Typically your persona would have a name, a photograph (because it makes them easier to relate to), and a back-story: educational background; employment status; personal circumstances; aspirations and motivations; for example.  It’s also good to have things such as whether they use social networking and what sorts of things they are interested in.  Generally you’d also want to try to categorise them with a short phrase that makes it easier to discuss them.  Often you’d create a set of sheets or cards with the details of each persona.

In the two exercises I’ve recently taken part in they have been used to look at two very different stages of the website design process.  Firstly as a demonstration of their value in website design and usability, looking quite specifically at a website to see what elements of a particular page were going to be of use to different personas (and also which elements were not going to be relevant).  To use the personas you have to put yourself in their place and look at your website through their eyes.  So what are they looking for, what is their level of experience or knowledge, for example.  It does throw up some really useful insights into how your website is viewed by users.

In the second exercise, the personas were being used at a much earlier stage of the design process, to help look at priorities for the future direction of the Virtual Learning Environment by thinking about what the attitudes of different personas would be to a set of statements about developments.  That was quite a useful exercise as it allows you to think about how your users and potential users will react to or view things you might develop.  Hopefully it would prevent you contemplating developing services or features that wouldn’t be wanted by users. 

Personas have been used for a while to look at both websites and the VLE at the University.  To an extent they have been created around market segments and with students/potential students as the primary focus, but there are plans to develop others and to make personas much more widely used as a design tool.  So although the ones that exist are of use when planning and developing a library website, there are a few missing for our purposes as we’ve also got staff and researchers to consider.

Although it’s now a bit late in our website design process to use personas for the design stages I’m certainly thinking about using them as a tool to check and review the site, and will see whether we can use them much more in future.  A useful tool for website design.

“Every day I wake up and ask, ‘how can I flow data better, manage data better, analyse data better?”

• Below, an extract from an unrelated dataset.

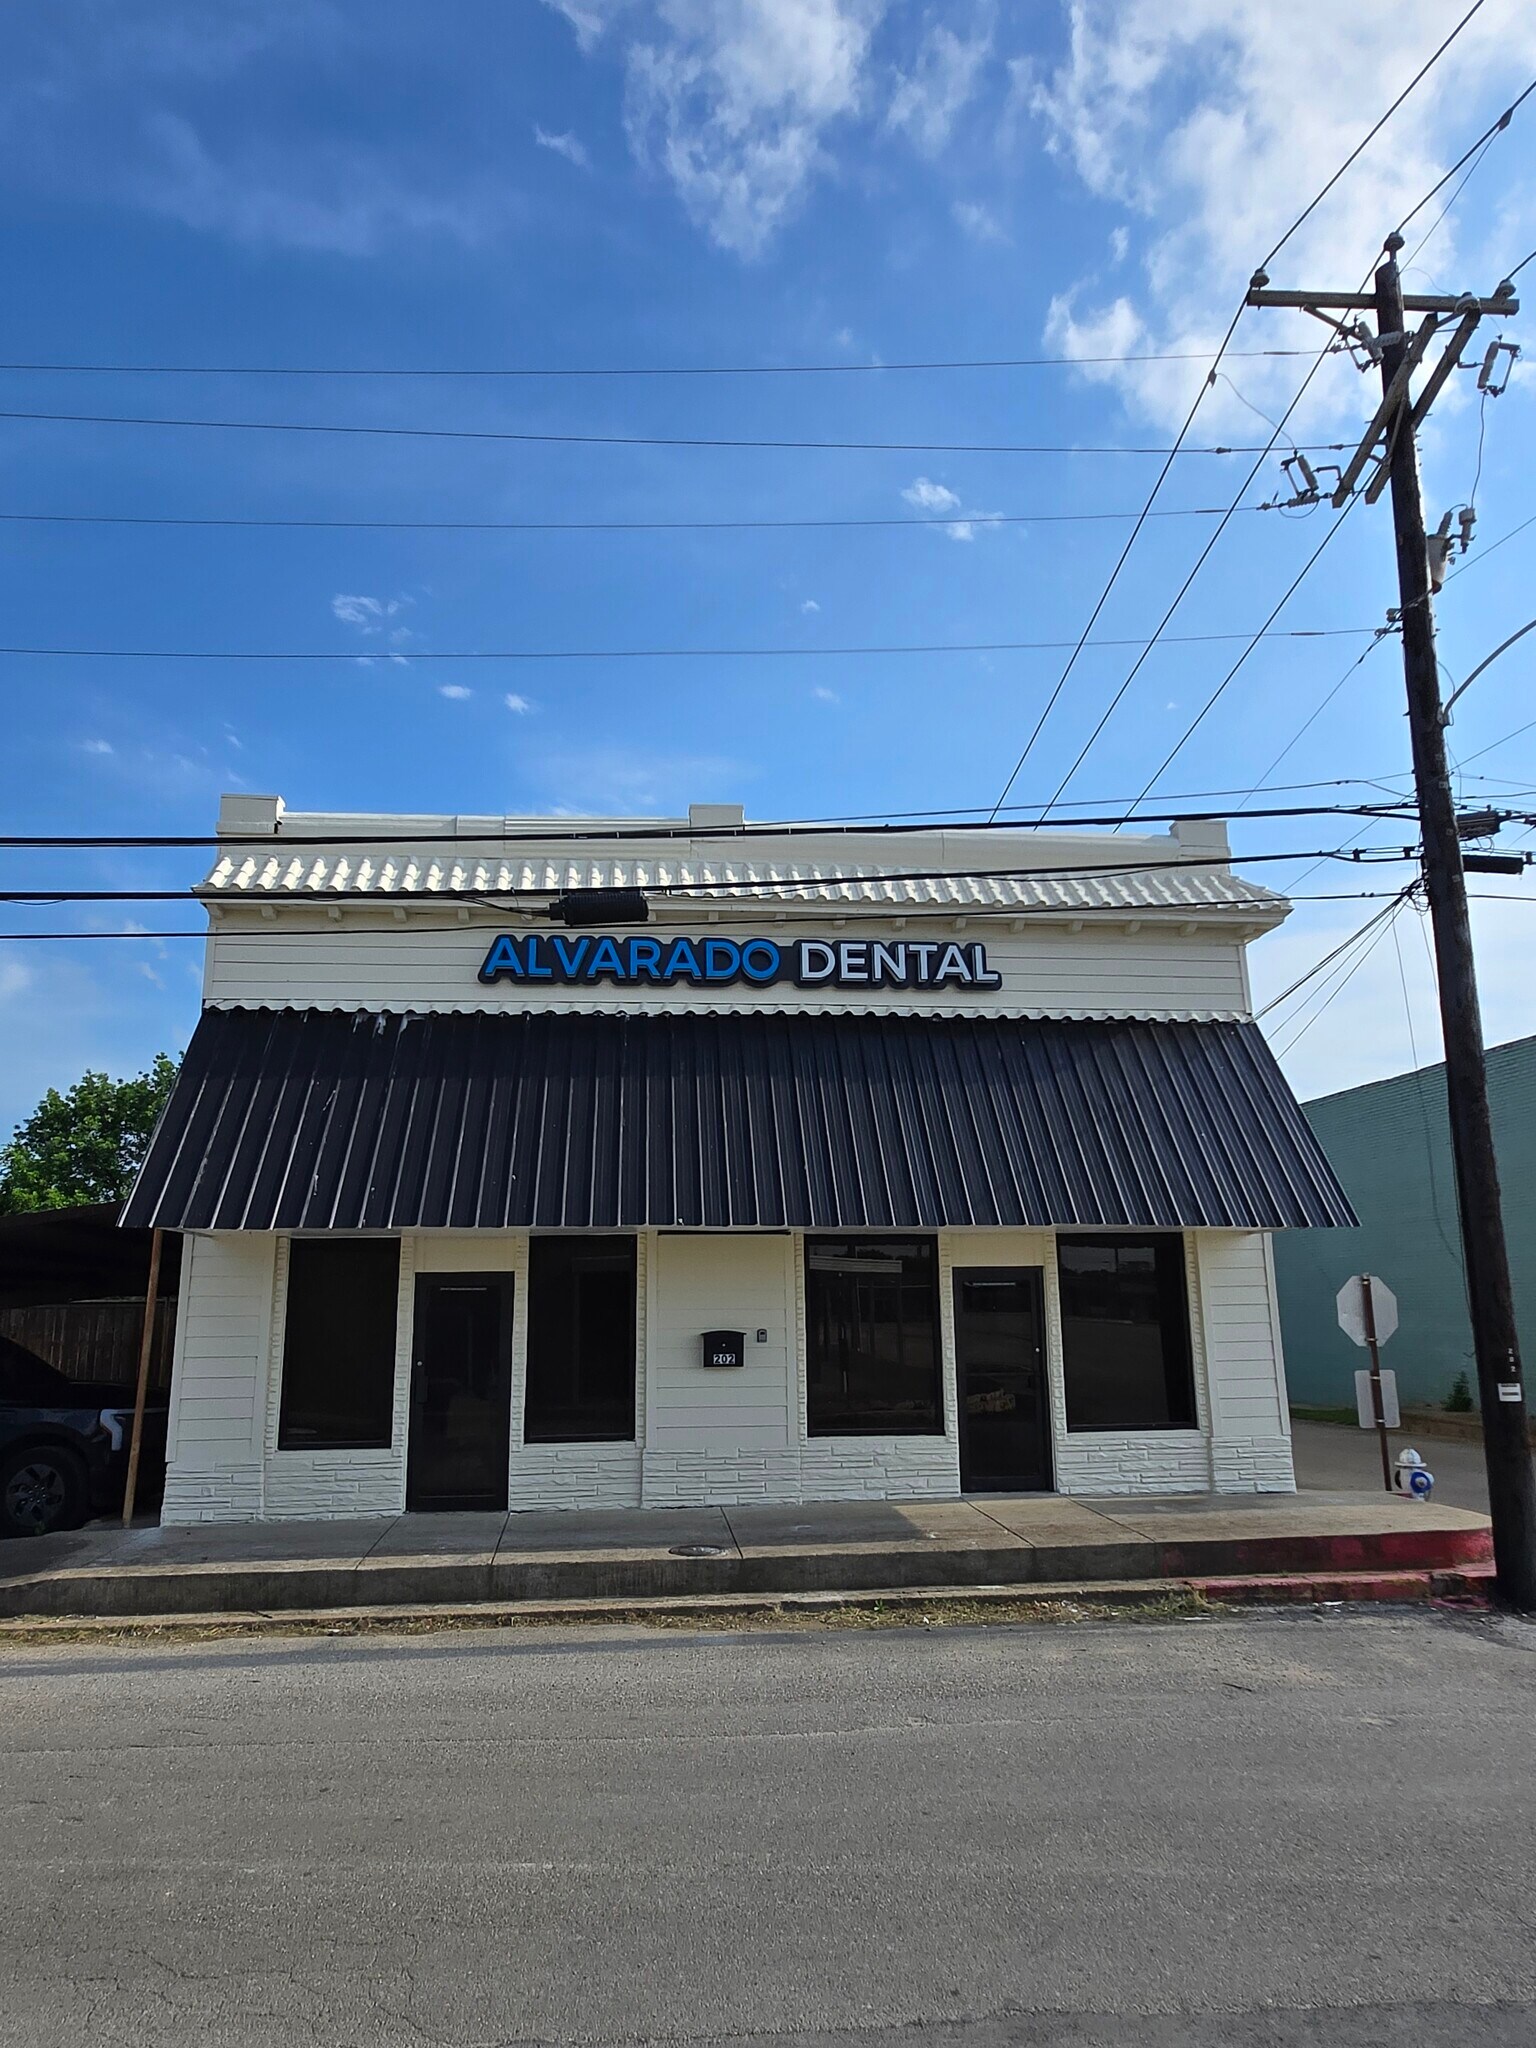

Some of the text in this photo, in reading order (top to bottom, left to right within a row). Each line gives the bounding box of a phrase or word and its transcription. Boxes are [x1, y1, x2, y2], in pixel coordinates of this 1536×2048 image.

[484, 937, 999, 983] ALVARADO DENTAL
[713, 1354, 735, 1364] 202

Rollin Ford, the CIO of Wal-Mart

Quoted in A special report on managing information: Data, data everywhere
Economist, The (London, England) – February 27, 2010 Page: 71

Libraries and their attitude to user activity data.
In the commercial world there are countless examples of how the private sector uses the data about their customers, from Wal-Mart’s CIO (quoted above) through to supermarkets use of loyalty cards and to the recommendations that are commonplace in websites such as Amazon.  But examples of libraries use of this type of data are still quite rare and libraries have been very slow to take advantage of the vast pool of data they have about the behaviour of their users.  Libraries have long been used to using systems to count how many item have been borrowed or bought, but have been strangely reluctant to look in detail about what people are borrowing and use that data to help users make better informed choices.

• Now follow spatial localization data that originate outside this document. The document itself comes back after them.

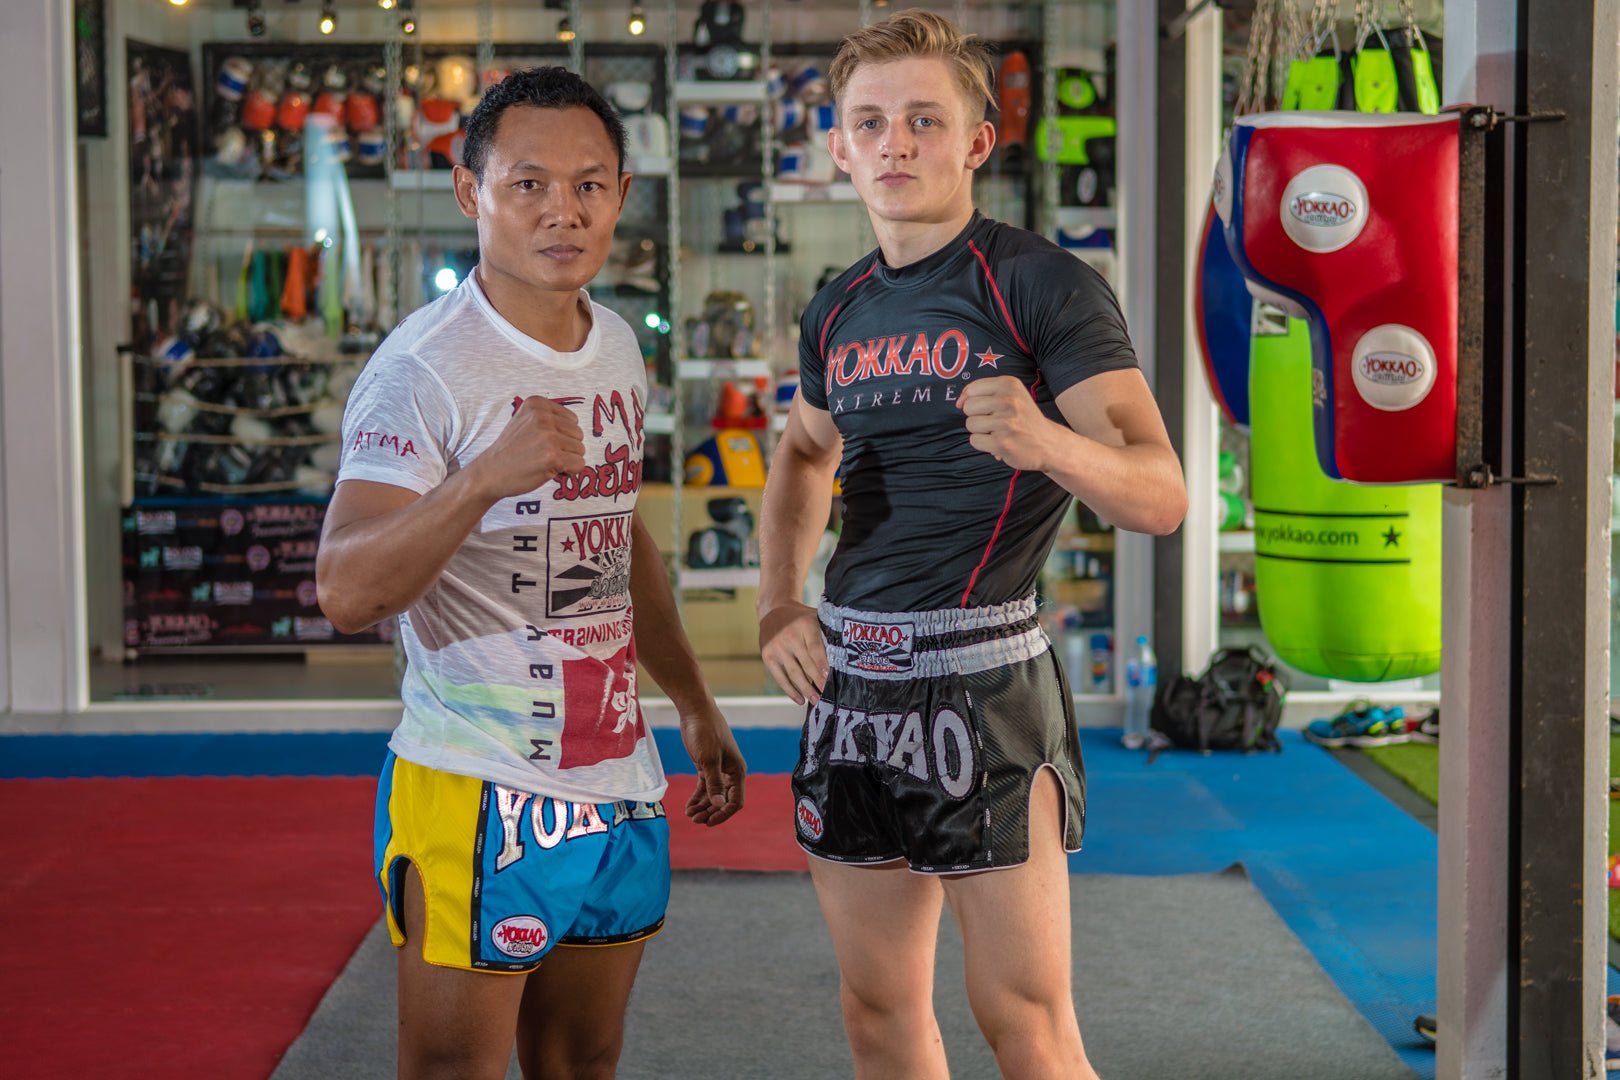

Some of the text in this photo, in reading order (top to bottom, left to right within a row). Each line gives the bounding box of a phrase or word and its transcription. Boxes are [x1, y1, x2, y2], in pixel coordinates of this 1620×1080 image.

[1296, 196, 1349, 218] YOKKAO
[826, 328, 969, 396] YOKKAO
[1365, 355, 1417, 378] YOKKAO
[834, 384, 957, 414] XTREME
[353, 431, 420, 460] ATMA
[571, 515, 631, 561] YOKK
[848, 622, 903, 646] YOKKAO
[502, 924, 543, 947] YOKKAO

Some work has been done through the TILE and MOSAIC projects, and the latter included anonymised circulation data made available by Huddersfield University and used to run a competition to encourage ideas around the use of that data.  JISC also ran an event earlier in the year about this area ‘Gaining Business Intelligence from User Activity Data’ which has been written up here and in the ALT newsletter.     Dave Pattern at Huddersfield is probably furthest along in working with this area and his blog is a good source for ideas about what can be achieved with user activity data.

Following on from the event in the Summer JISC have clearly been thinking about how to increase the pool of examples of how user activity data can be used so have included it as one of the strands in their recently announced Funding Call 15/10.   With £500k available for 7/10 six month projects to take place in the early part of 2011, there’s the opportunity for libraries to get involved in developing new ideas about how to use user activity data.

User Activity Data is a particularly interesting area for me as a good deal of the work that has been done so far has been around the use of loan data.  Working in a library where students don’t borrow books from us, or even visit the library, we’ve got to look at other areas of data.  Most of our users engage with us through using our e-resources and that’s an area that we are looking to see how we can collect, analyse, and use that data to improve services and offer recommendations to help users get more out of their e-resource usage.